--- Data in this exercise ---

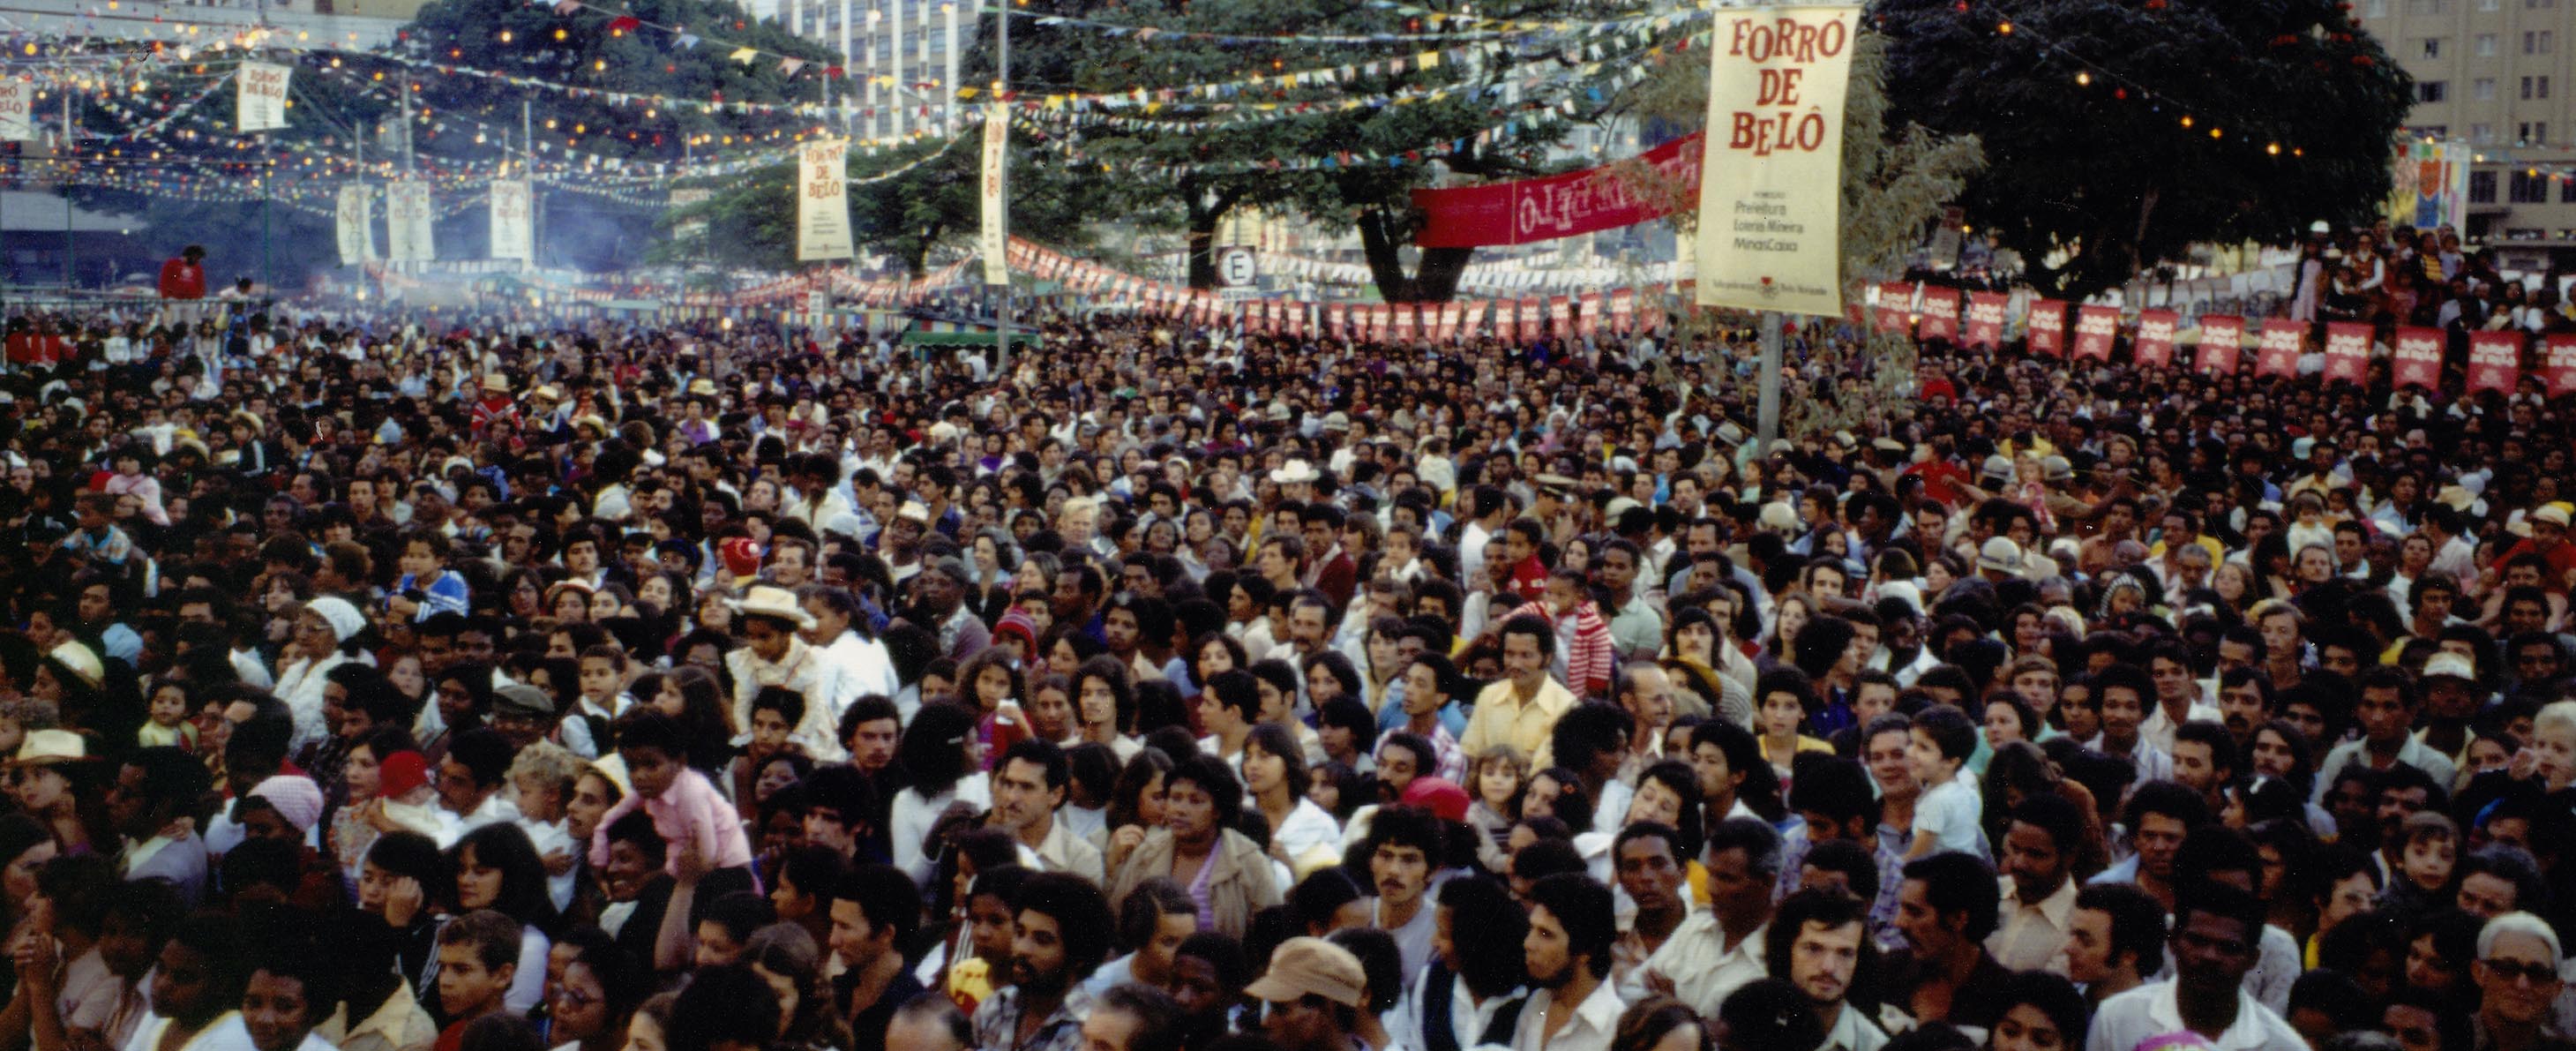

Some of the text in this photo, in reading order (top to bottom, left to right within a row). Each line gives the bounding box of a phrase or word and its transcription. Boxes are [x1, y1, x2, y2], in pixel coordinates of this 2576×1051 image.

[1729, 11, 1846, 64] FORRÓ
[1756, 68, 1802, 106] DE
[1729, 105, 1824, 157] BELÔ
[1232, 254, 1245, 280] E

---

• Instructions to follow: The records above should be returned word for word, with every picture left out.

• Output of the task:
Some of the text in this photo, in reading order (top to bottom, left to right within a row). Each line gives the bounding box of a phrase or word and its transcription. Boxes are [x1, y1, x2, y2], in pixel coordinates of this 2576×1051 image.

[1729, 11, 1846, 64] FORRÓ
[1756, 68, 1802, 106] DE
[1729, 105, 1824, 157] BELÔ
[1232, 254, 1245, 280] E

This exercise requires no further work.